(Dataset entries)
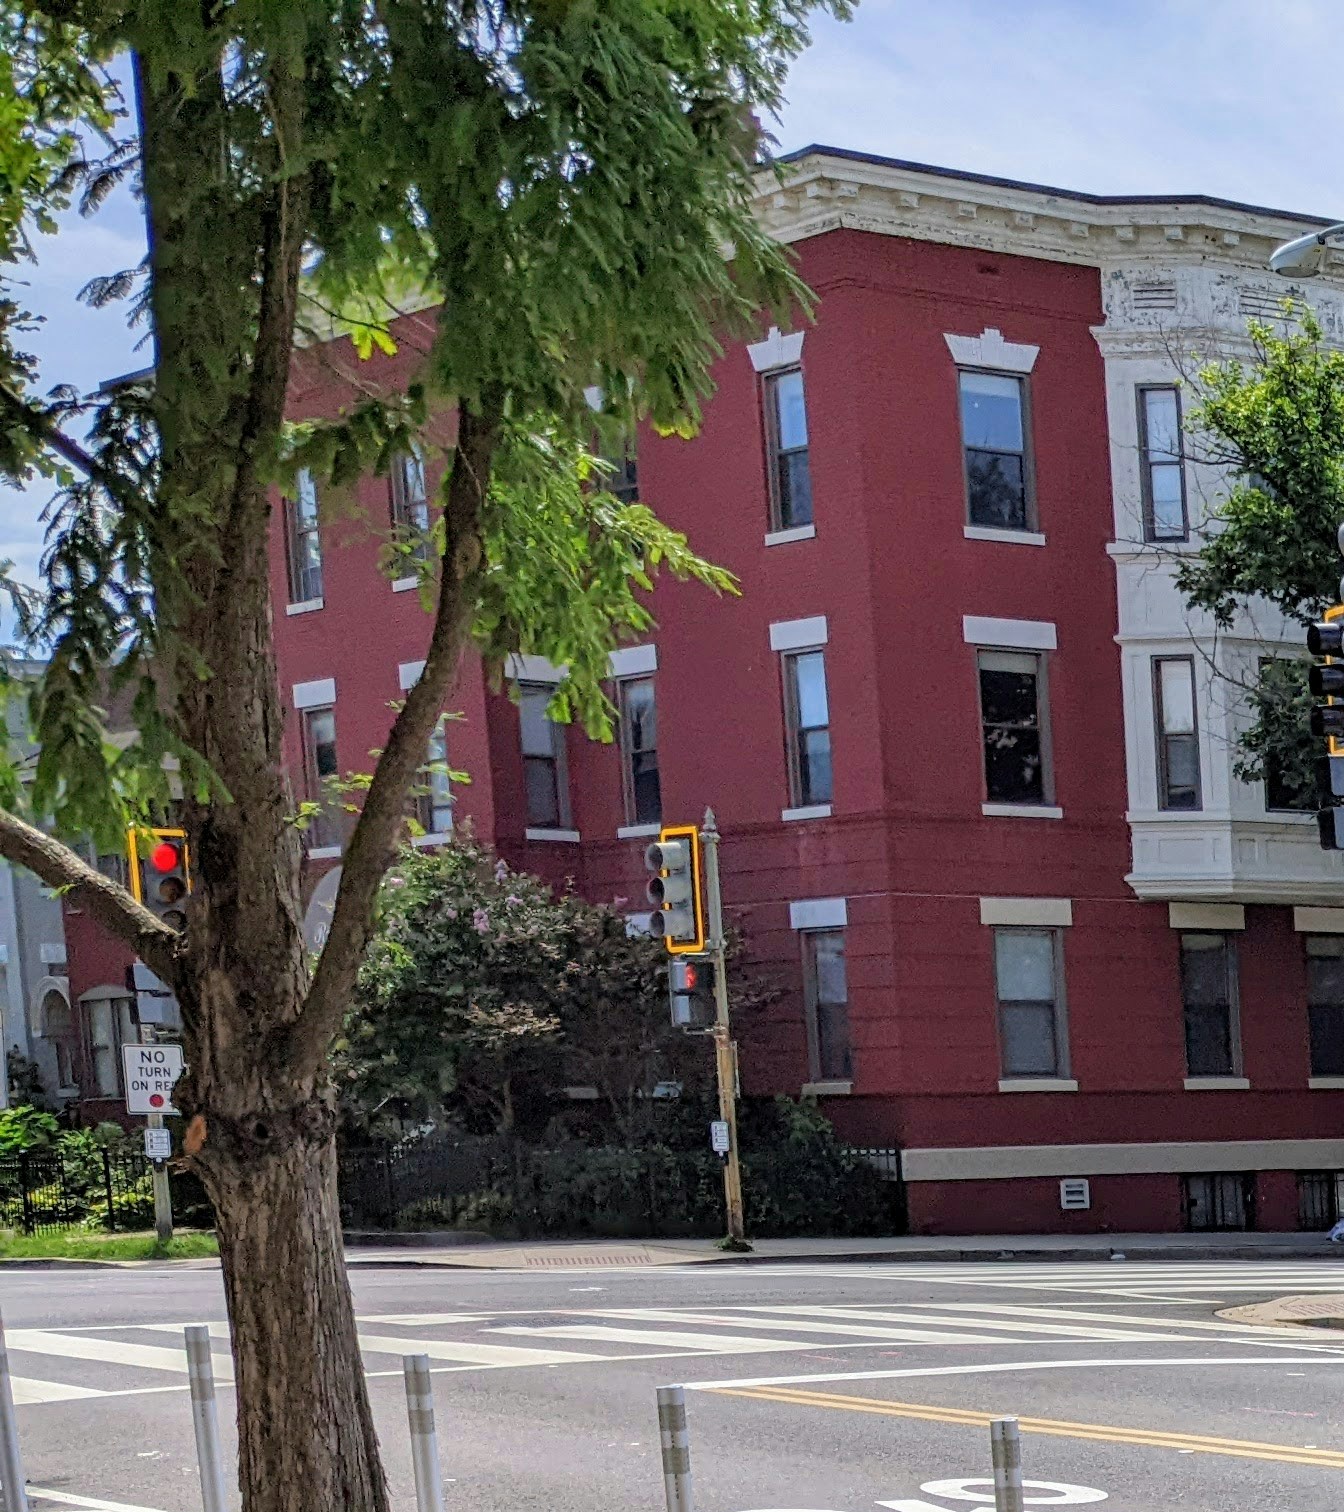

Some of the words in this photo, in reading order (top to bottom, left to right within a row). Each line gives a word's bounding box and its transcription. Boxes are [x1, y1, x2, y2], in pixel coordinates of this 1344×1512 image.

[140, 1050, 165, 1064] NO
[138, 1066, 171, 1078] TURN
[132, 1080, 149, 1092] ON
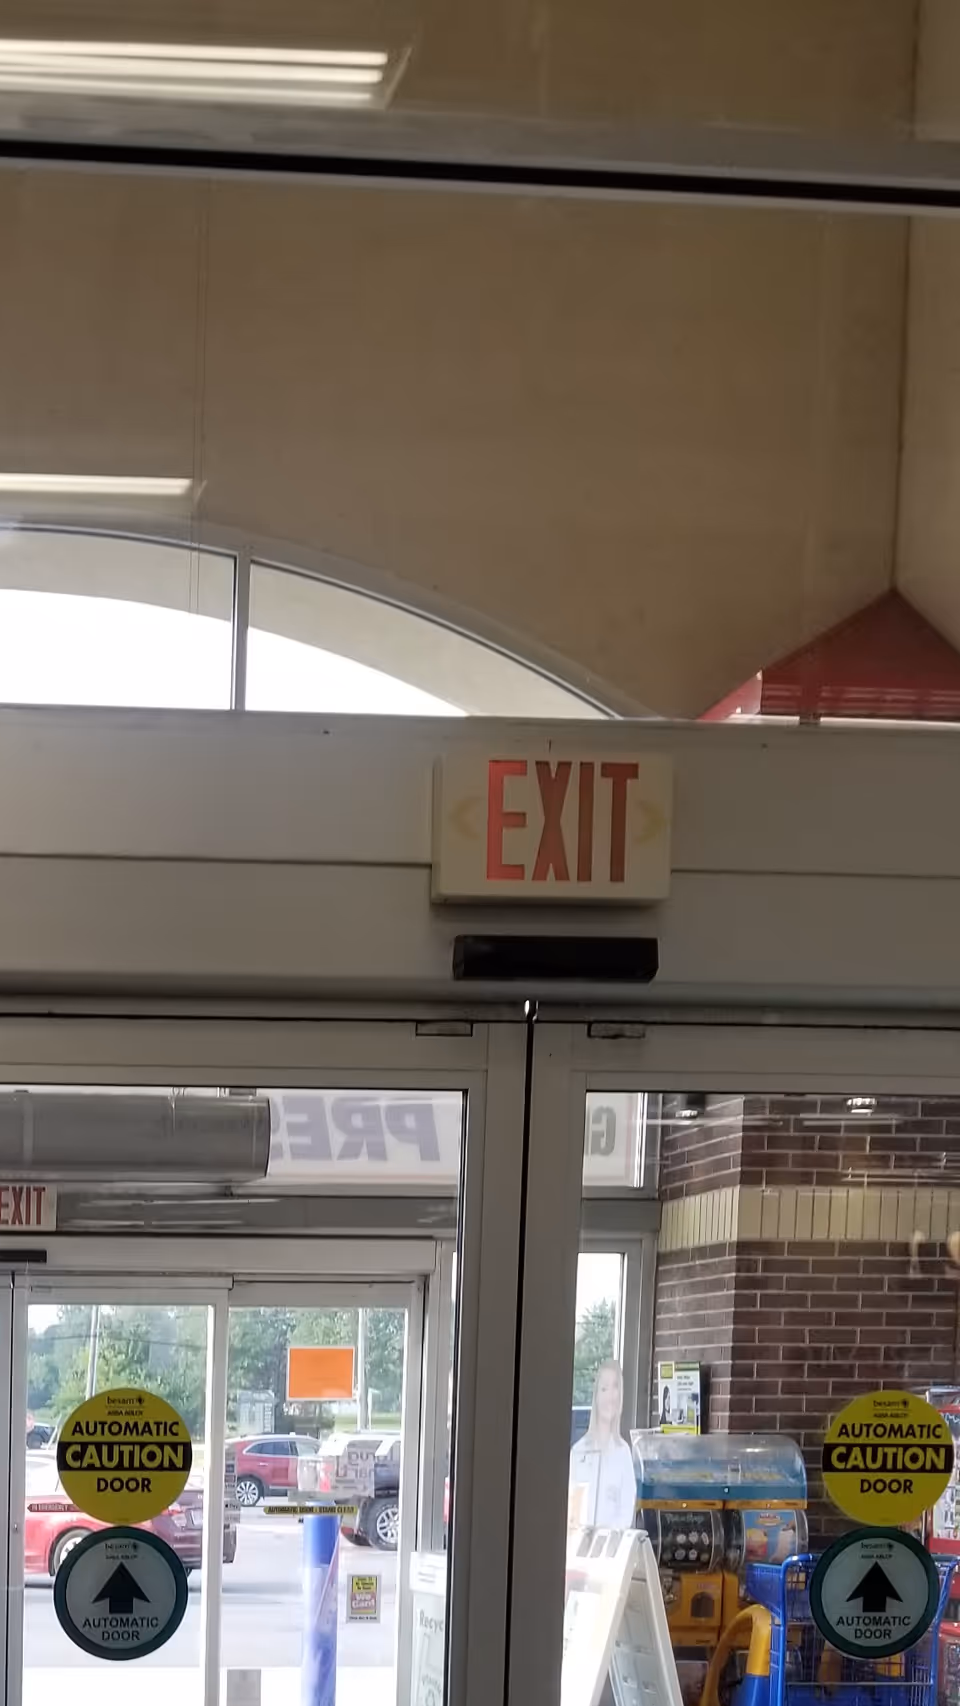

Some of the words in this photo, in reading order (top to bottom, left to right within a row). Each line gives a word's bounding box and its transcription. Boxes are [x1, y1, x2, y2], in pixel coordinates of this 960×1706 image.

[486, 759, 640, 883] EXIT
[71, 1420, 180, 1436] AUTOMATIC
[837, 1422, 943, 1439] AUTOMATIC
[65, 1443, 184, 1469] CAUTION
[830, 1445, 946, 1470] CAUTION
[96, 1477, 152, 1493] DOOR
[859, 1478, 913, 1494] DOOR
[82, 1616, 159, 1629] AUTOMATIC
[836, 1615, 912, 1627] AUTOMATIC
[101, 1630, 140, 1641] DOOR
[854, 1627, 892, 1639] DOOR

Requirement
Return a verbatim transcription of the data, omitting all images.

Exercise result
Some of the words in this photo, in reading order (top to bottom, left to right within a row). Each line gives a word's bounding box and its transcription. Boxes are [x1, y1, x2, y2], in pixel coordinates of this 1344×1512 image.

[140, 1050, 165, 1064] NO
[138, 1066, 171, 1078] TURN
[132, 1080, 149, 1092] ON

Some of the words in this photo, in reading order (top to bottom, left to right within a row). Each line gives a word's bounding box and its transcription. Boxes are [x1, y1, x2, y2], in pixel coordinates of this 960×1706 image.

[486, 759, 640, 883] EXIT
[71, 1420, 180, 1436] AUTOMATIC
[837, 1422, 943, 1439] AUTOMATIC
[65, 1443, 184, 1469] CAUTION
[830, 1445, 946, 1470] CAUTION
[96, 1477, 152, 1493] DOOR
[859, 1478, 913, 1494] DOOR
[82, 1616, 159, 1629] AUTOMATIC
[836, 1615, 912, 1627] AUTOMATIC
[101, 1630, 140, 1641] DOOR
[854, 1627, 892, 1639] DOOR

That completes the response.